As crews scrambled to clear snowy roads in the San Bernardino Mountains, many residents were left stranded Monday amid growing frustration over the days-long delays to help locals who have been under lockdown for more than 10 days with almost no food and drink. more medicines.

More than 100 inches of snow has fallen in the San Bernardino Mountains in recent days, stranding an unknown number of residents of the mountain communities.

Now state and local agencies are working to clear the snow piles using heavy machinery, including graders, front loaders, dump trucks, snow plows and snow blowers. Officials from the California Department of Forestry and Fire Protection, the Office of Emergency Management, the California Highway Patrol and the California National Guard are in the mountain communities to help local agencies excavate residents from their homes and clear the roads, it said. governor’s office.

Nearly 60 Caltrans employees cleared more than 7.2 million cubic feet of snow from San Bernardino County state highways Saturday, according to Governor Gavin Newsom’s office. Private contractors removed an additional 970,000 cubic feet of snow from State Routes 18 and 330, the statement said.

As of Sunday, 51 miles of roads have been cleared, out of a total of more than 400 miles of roads that have been maintained, according to the province. The province estimates that nearly 90 kilometers of roads still need to be cleared.

The slow pace of road clearance has become a source of growing anger in mountain communities. To make matters worse, residents have experienced gas leaks, fires and roof collapses due to the snow, and authorities have struggled to provide assistance.

Firefighters have used snowmobiles they typically deploy for backcountry rescues to respond to emergency calls in residential areas.
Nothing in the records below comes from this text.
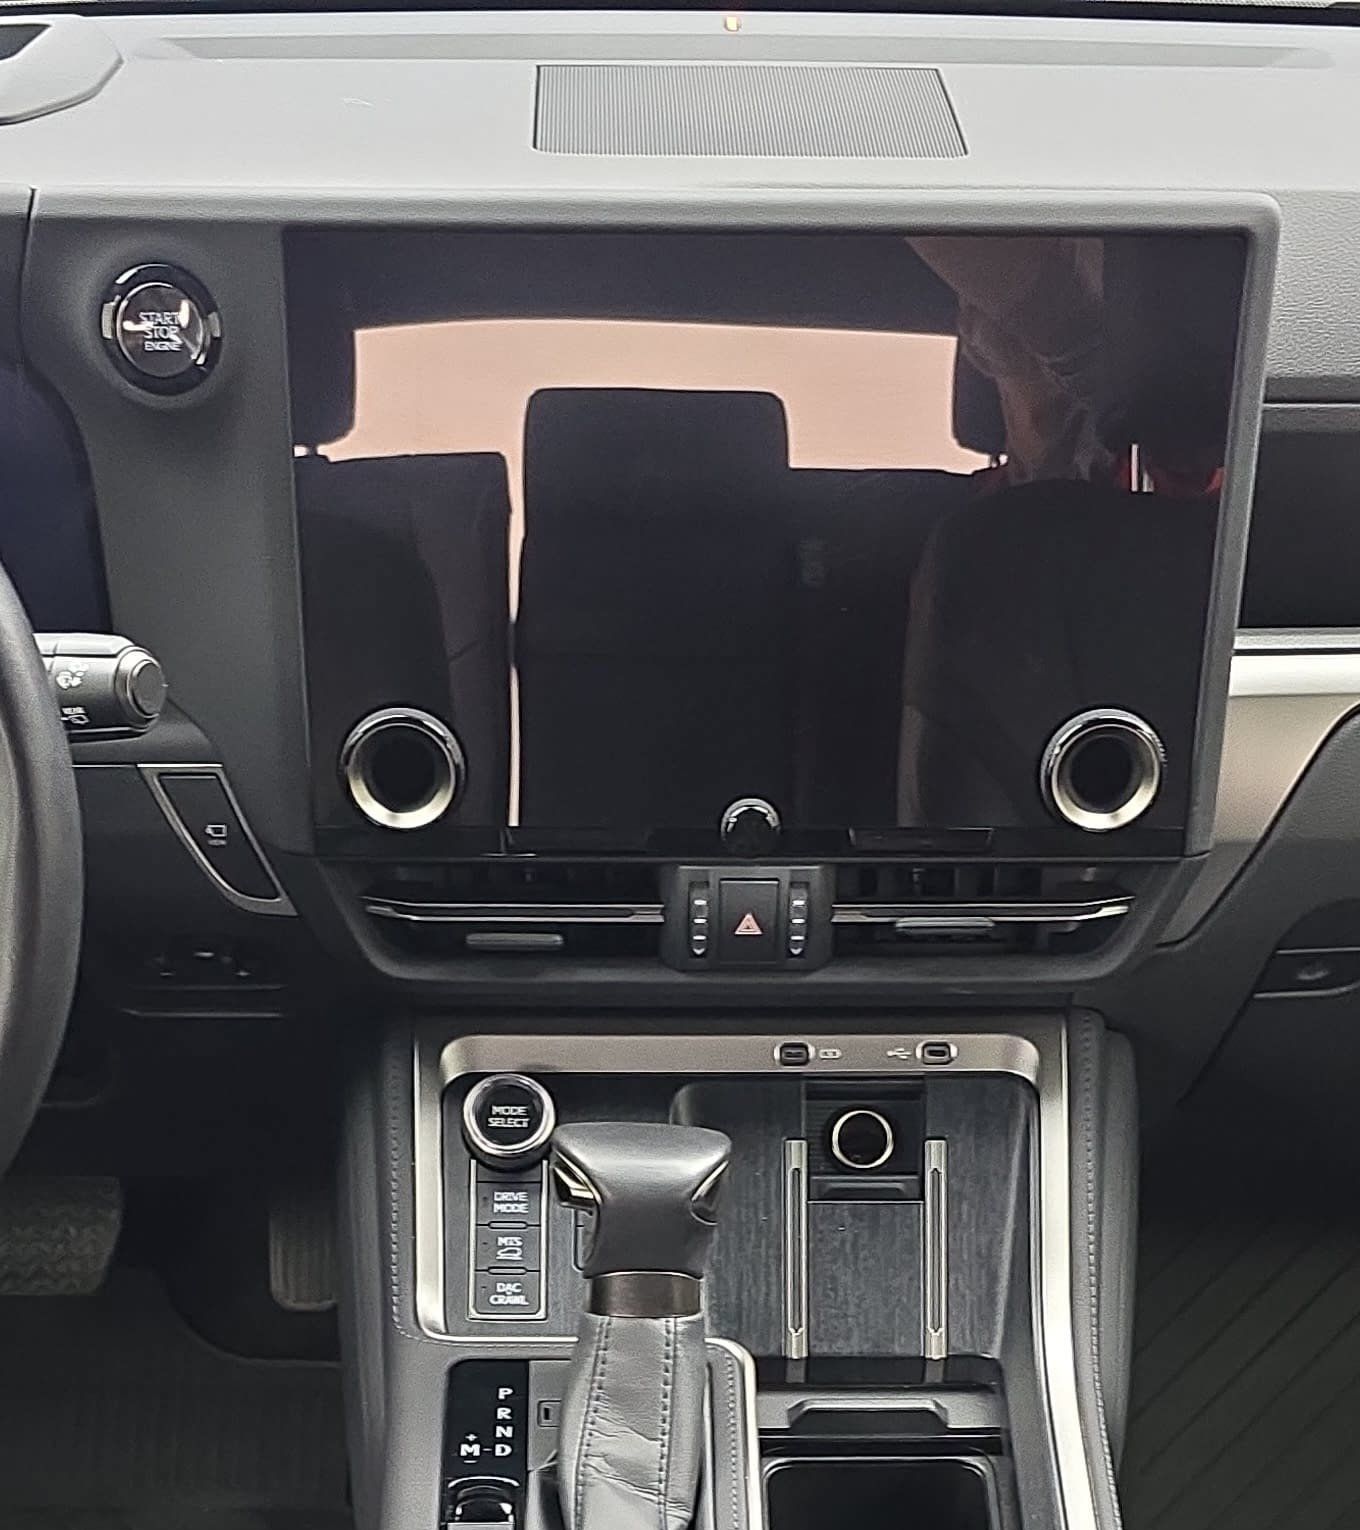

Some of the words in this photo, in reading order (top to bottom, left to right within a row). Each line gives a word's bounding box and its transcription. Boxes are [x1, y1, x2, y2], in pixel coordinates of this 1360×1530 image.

[139, 311, 179, 325] START
[143, 325, 179, 339] STOP
[144, 341, 182, 351] ENGINE
[492, 1105, 528, 1116] MODE
[487, 1117, 530, 1128] SELECT
[493, 1191, 529, 1202] DRIVE
[493, 1202, 529, 1214] MODE
[497, 1236, 523, 1247] MTS
[496, 1282, 522, 1293] DAC
[489, 1294, 529, 1306] CRAWL
[498, 1387, 514, 1400] P
[496, 1407, 513, 1420] R
[495, 1425, 514, 1438] N
[460, 1443, 481, 1457] M
[494, 1443, 513, 1457] D
Volunteer crews on land and in the air have tried to help by delivering supplies by helicopter.

The intensity of the snow – which led to rare blizzard warnings – surprised emergency services.

Snow plows that usually clear mountain roads were ineffective, forcing crews to work around the clock with front loaders and hand shovels to clear snow berms to reach communities still snowbound as of Friday.
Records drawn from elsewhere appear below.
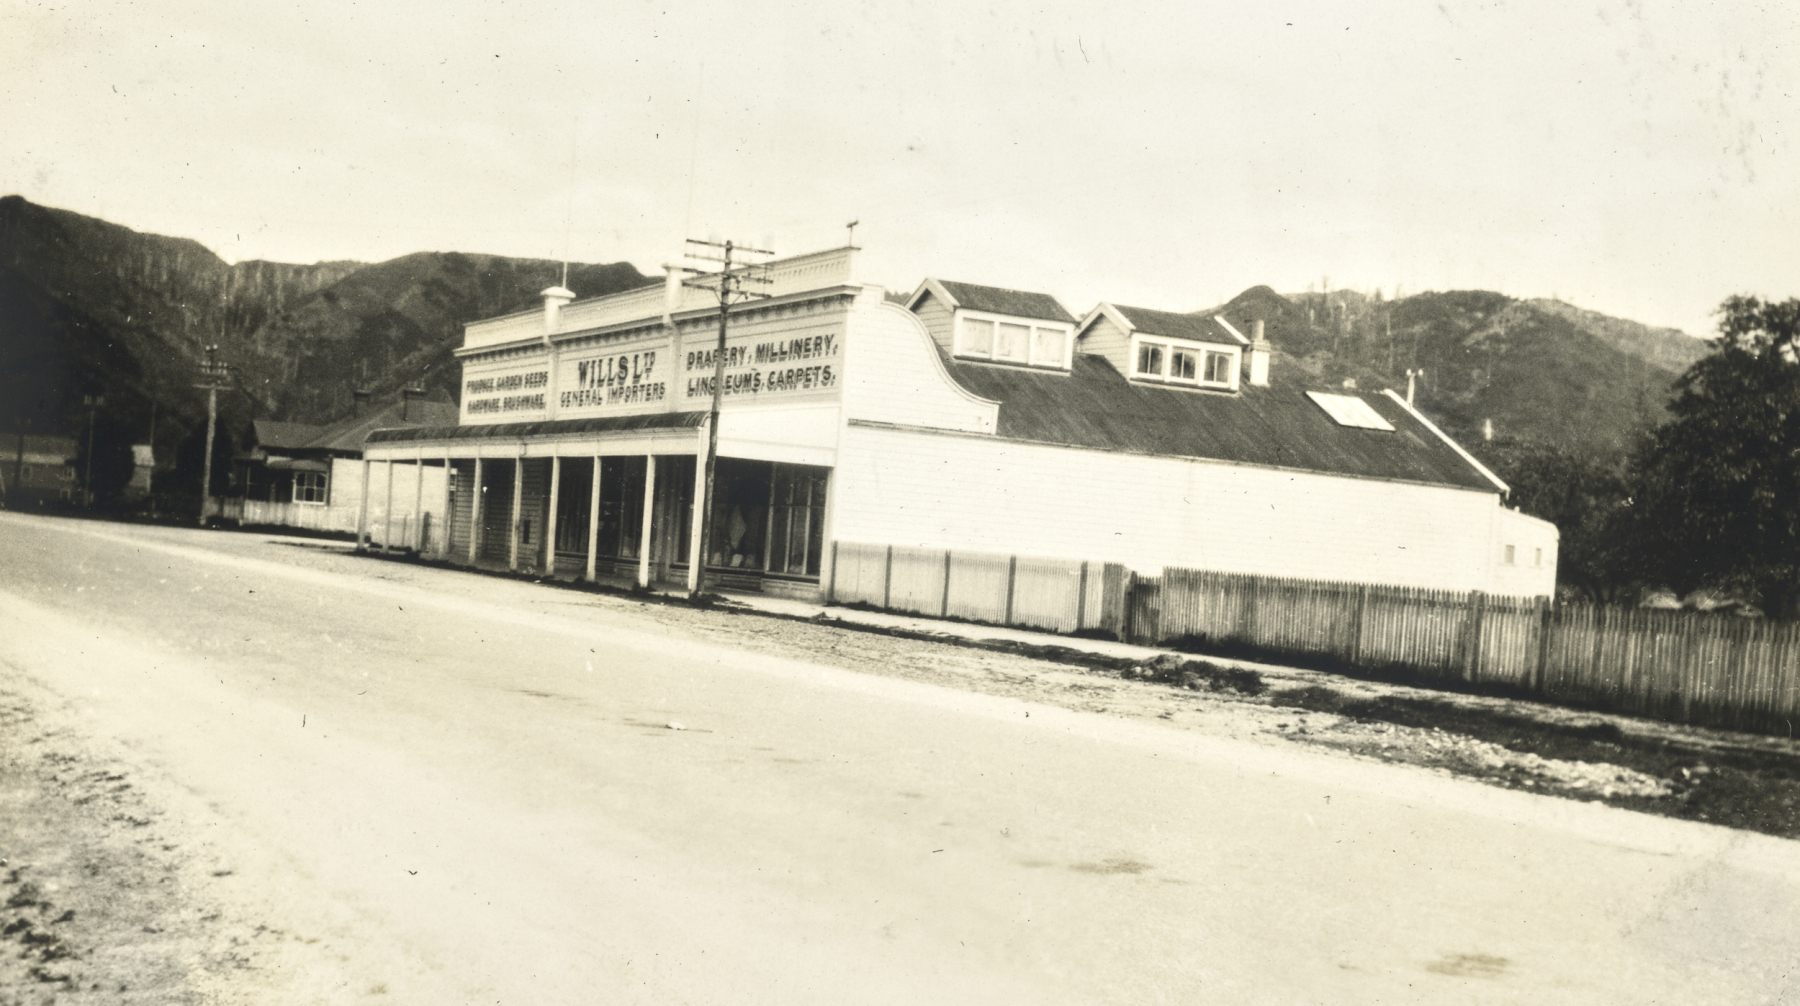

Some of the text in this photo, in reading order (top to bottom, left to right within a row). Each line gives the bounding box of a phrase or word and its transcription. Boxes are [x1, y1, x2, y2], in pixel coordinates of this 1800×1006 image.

[755, 333, 839, 363] MILLINERY,
[524, 371, 548, 388] SEEDS
[578, 355, 629, 389] WILLS
[687, 371, 765, 397] LINOEUMS,
[560, 381, 666, 407] GENERAL IMPORTERS
“When it comes to clearing the roads, I’d say we’ve learned some valuable lessons,” San Bernardino County Fire Chief Dan Munsey said at a joint news conference with state and local officials.
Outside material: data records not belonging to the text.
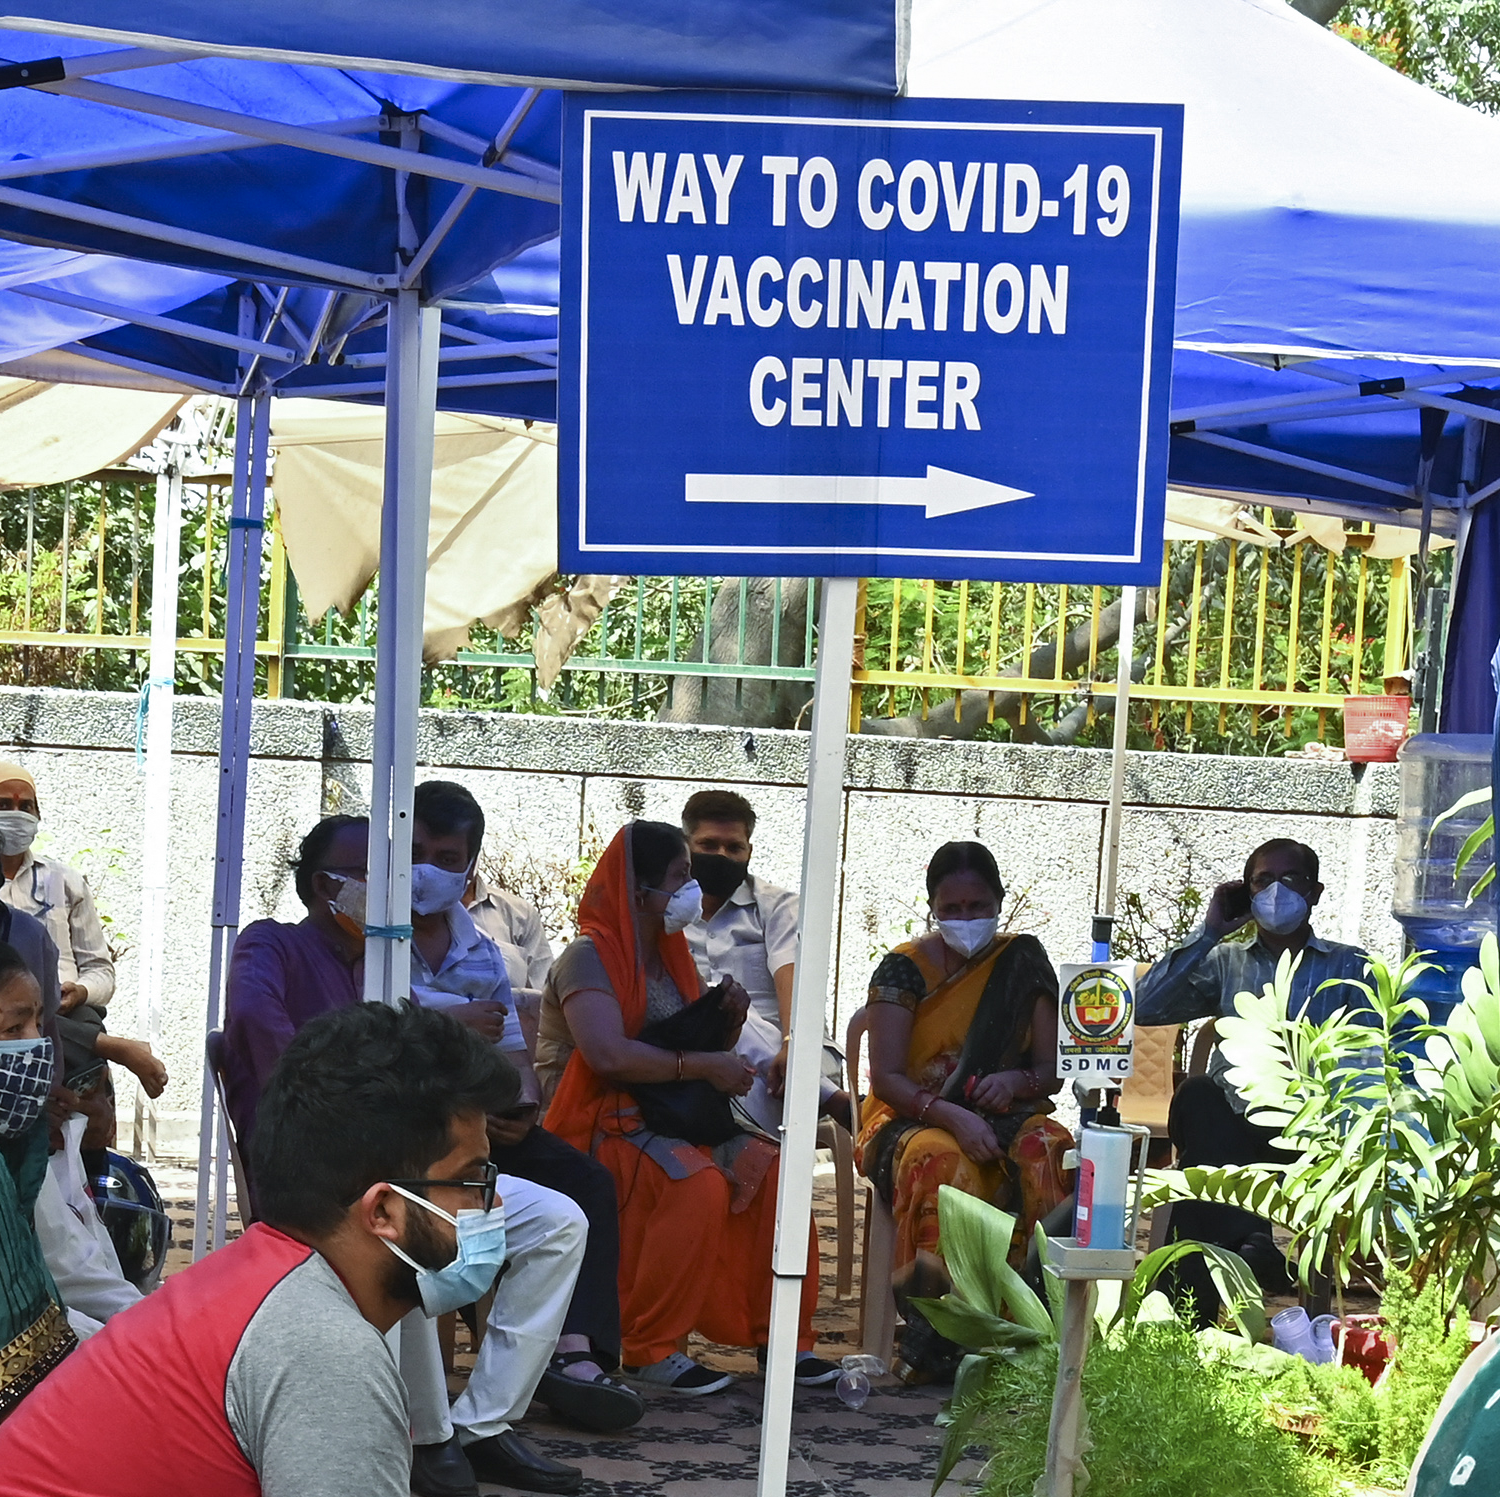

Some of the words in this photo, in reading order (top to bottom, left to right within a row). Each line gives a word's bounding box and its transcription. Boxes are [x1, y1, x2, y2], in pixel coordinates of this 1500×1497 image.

[611, 150, 744, 225] WAY
[761, 155, 839, 230] TO
[856, 158, 1132, 238] COVID-19
[666, 254, 1070, 335] VACCINATION
[748, 355, 983, 432] CENTER
“Unfortunately, the snow fell so fast and piled up so quickly that the front-end plows we were so accustomed to routinely using were no longer effective.”

According to the San Bernardino County Fire Department, firefighters have had to lug their equipment through the snow and dig to access hydrants, losing valuable time to respond to the emergencies.

At least two people were injured in a house fire in the community of Blue Jay, about a mile from Lake Arrowhead Village, on Wednesday afternoon.

The cause of the fire is under investigation and Southern California Gas Co. is working with emergency responders to address reports of gas leaks, said Michael McClintock, chief of the San Bernardino County Fire Brigade Battalion.

Newsom on Wednesday declared a state of emergency for San Bernardino County and a dozen other storm-hit counties, freeing up state resources like the National Guard to help.

With some areas closed off, volunteers came to the rescue.

Crestline resident Max Strawn, 30, was one of dozens of local volunteers who volunteered to help their neighbors.

He said Saturday he waded through waist-deep snow to deliver boxes of groceries to people with disabilities and elderly residents in the area.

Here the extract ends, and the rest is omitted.